Tribunal Administratif de La Réunion — Décision N° TA101-2501732

mercredi 12 novembre 2025

JuridictionTribunal Administratif de La Réunion
SectionTribunal Administratif de La Réunion
N° DossierTA101-2501732
TypeDécision
RecoursExcès de pouvoir
Avocat requérantWANDREY STEFAN

Résumé IA

Le Tribunal Administratif de La Réunion, statuant en référé sur le fondement de l'article L. 521-1 du code de justice administrative, a rejeté la demande de suspension présentée par M. A... B..., ressortissant comorien, contestant le rejet implicite de sa demande de titre de séjour "vie privée et familiale". Le juge a estimé que la condition d'urgence n'était pas remplie, le requérant ne justifiant pas d'une atteinte suffisamment grave et immédiate à sa situation, malgré ses allégations de précarité administrative et de risques professionnels. La décision s'appuie sur les dispositions du code de l'entrée et du séjour des étrangers et du droit d'asile, ainsi que sur la convention européenne des droits de l'homme.

Texte intégral

Vu la procédure suivante :

Par une requête et un mémoire en réplique, enregistrés les 12 octobre et 5 novembre 2025, M. D... A... B..., représenté par Me Wandrey, demande au juge des référés, sur le fondement des dispositions de l’article L. 521-1 du code de justice administrative, dans le dernier état de ses écritures :

1°) de l’admettre au bénéfice de l’aide juridictionnelle provisoire ;

2°) de suspendre les effets de la décision par laquelle le préfet de La Réunion a implicitement rejeté sa demande de délivrance d’un titre de séjour portant la mention « vie privée et familiale », présentée le 8 mars 2024 ;

3°) d’enjoindre au préfet de La Réunion de procéder au réexamen de sa situation dans un délai d’un mois et de lui délivrer une autorisation provisoire de séjour l’autorisant à travailler ;

4°) de mettre à la charge de l’Etat au profit de son conseil le versement d’une somme de 1 000 euros au titre des dispositions de l’article L. 761-1 du code de justice administrative et de l’article 37 de la loi du 10 juillet 1991.

Il soutient que :
- la condition d’urgence est satisfaite dès lors que la décision litigieuse le place dans une situation de précarité administrative, l’expose à un risque de perte de son emploi, la poursuite de sa profession étant subordonnée à la régularité de sa situation administrative et l’empêche de trouver un logement alors même que sa vie privée et familiale est ancrée sur le territoire ;
- il existe un doute sérieux sur la légalité de la décision attaquée dès lors qu’elle est entachée d’un défaut de motivation, en méconnaissance des articles L. 211-2 et L. 232-4 du code des relations entre le public et l’administration ;
- elle est entachée d’une erreur manifeste d’appréciation au regard de l’article L. 423-7 du code de l’entrée et du séjour des étrangers et du droit d’asile, de l’article 8 de la convention européenne de sauvegarde des droits de l’homme et des libertés fondamentales et de l’article 3-1 de la convention internationale relative aux droits de l’enfant ;
- elle est entachée d’un défaut d’examen sérieux et particulier de sa situation personnelle.

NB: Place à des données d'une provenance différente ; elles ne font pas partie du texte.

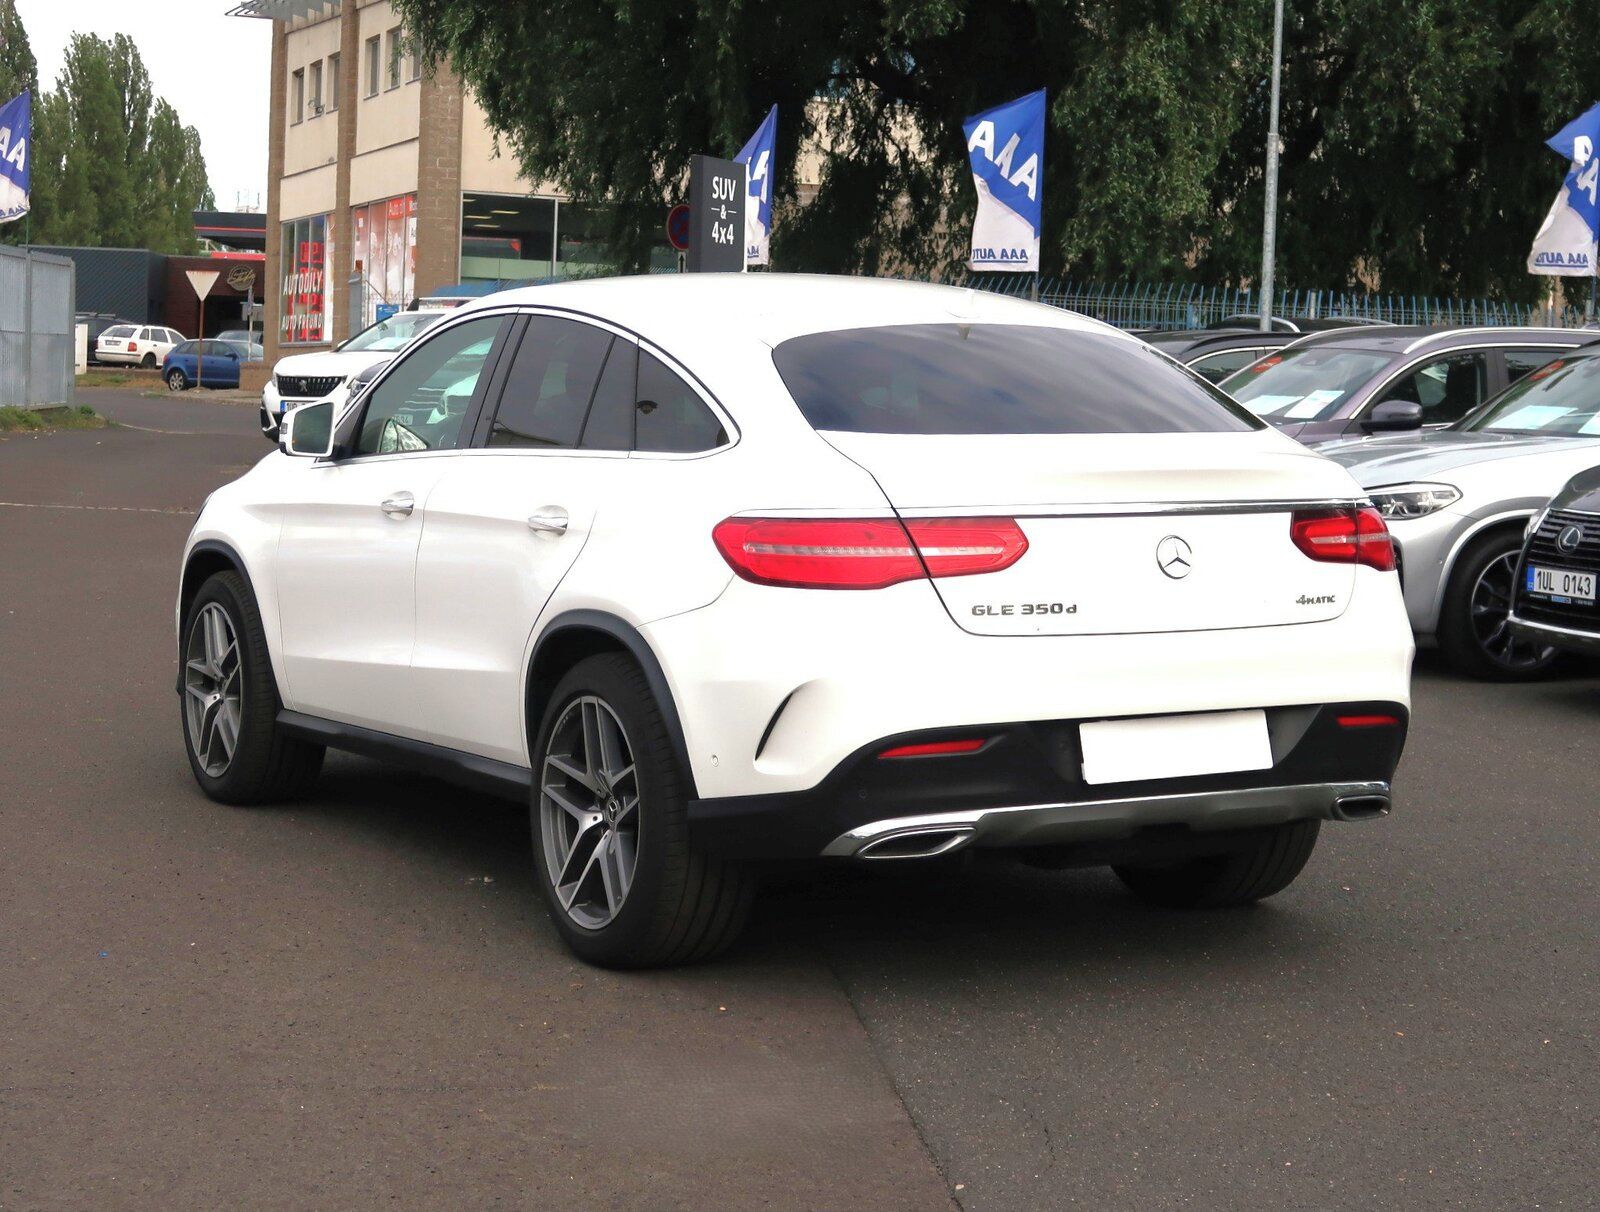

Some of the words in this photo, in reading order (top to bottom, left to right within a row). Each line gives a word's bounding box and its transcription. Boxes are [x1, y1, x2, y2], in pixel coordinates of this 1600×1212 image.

[712, 176, 736, 201] SUV
[720, 204, 727, 219] &
[712, 221, 734, 245] 4x4
[1537, 569, 1555, 592] 1UL
[1563, 574, 1591, 596] 0143
[971, 604, 1015, 616] GLE

Par un mémoire en défense, enregistré le 4 novembre 2025, le préfet de La Réunion conclut au rejet de la requête.

Il fait valoir que :
l’urgence n’est pas caractérisée ;
les moyens soulevés ne sont pas fondés.

Vu :
les autres pièces du dossier ;
la requête enregistrée sous le n°2501731 tendant à l’annulation de la décision par laquelle le préfet de La Réunion a implicitement rejeté sa demande de délivrance d’un titre de séjour, présentée le 8 mars 2024.

Vu :
- la convention européenne de sauvegarde des droits de l’homme et des libertés fondamentales ;
- le code de l’entrée et du séjour des étrangers et du droit d’asile ;
- le code des relations entre le public et l’administration ;
- la loi n°91-647 du 10 juillet 1991 ;
- le code de justice administrative.

Vu la décision, prise en application de l’article L. 511-2 du code de justice administrative, par laquelle le président du Tribunal a désigné Mme Khater, vice-présidente, en qualité de juge des référés.

Les parties ont été régulièrement averties du jour de l’audience publique qui a eu lieu le 6 novembre 2025 à 10 heures 30, Mme C... étant greffière d’audience au tribunal administratif de La Réunion.

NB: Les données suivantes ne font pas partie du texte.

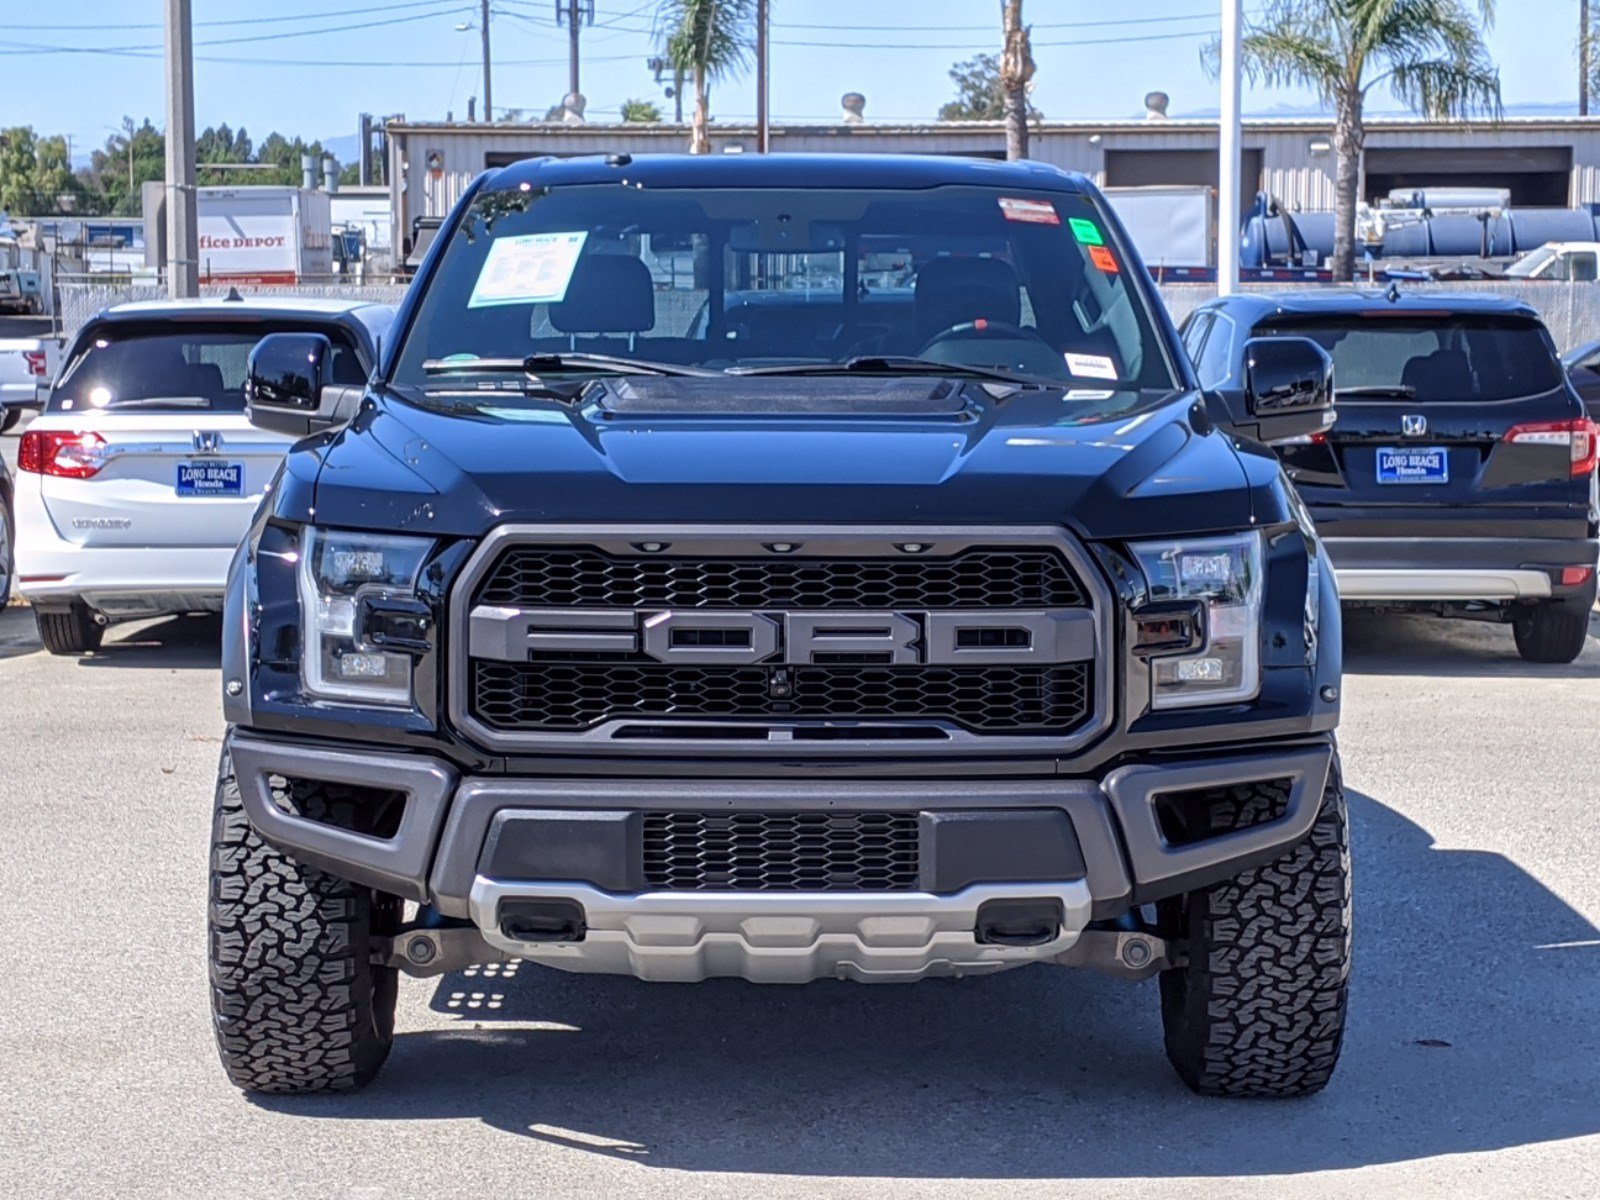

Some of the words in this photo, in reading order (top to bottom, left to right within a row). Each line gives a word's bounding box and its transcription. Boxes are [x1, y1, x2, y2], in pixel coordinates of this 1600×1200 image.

[233, 236, 285, 248] DEPOT
[1383, 455, 1408, 469] LONG
[1409, 455, 1440, 468] BEACH
[181, 468, 206, 482] LONG
[207, 468, 237, 482] BEACH
[1396, 467, 1427, 475] Honda
[194, 480, 224, 488] Honda
[469, 607, 1096, 665] FORD

Ont été entendus au cours de l’audience publique du 6 novembre 2025 :
le rapport de Mme Khater , juge des référés,
les observations de Me Wandrey, représentant M. A... B... qui conclut aux mêmes fins que la requête et par les mêmes moyens,
le préfet de La Réunion n’étant ni présent ni représenté.

La clôture de l’instruction étant prononcée à l’issue de l’audience.


Considérant ce qui suit :

Par la présente requête, M. D... A... B..., ressortissant comorien né le 31 décembre 2001, demande au juge des référés, sur le fondement des dispositions de l’article L. 521-1 du code de justice administrative, la suspension de la décision par laquelle le préfet de La Réunion a implicitement rejeté sa demande de délivrance d’un titre de séjour, présentée le 8 mars 2024, sur le fondement de l’article L. 423-7 du code de l’entrée et du séjour des étrangers et du droit d’asile.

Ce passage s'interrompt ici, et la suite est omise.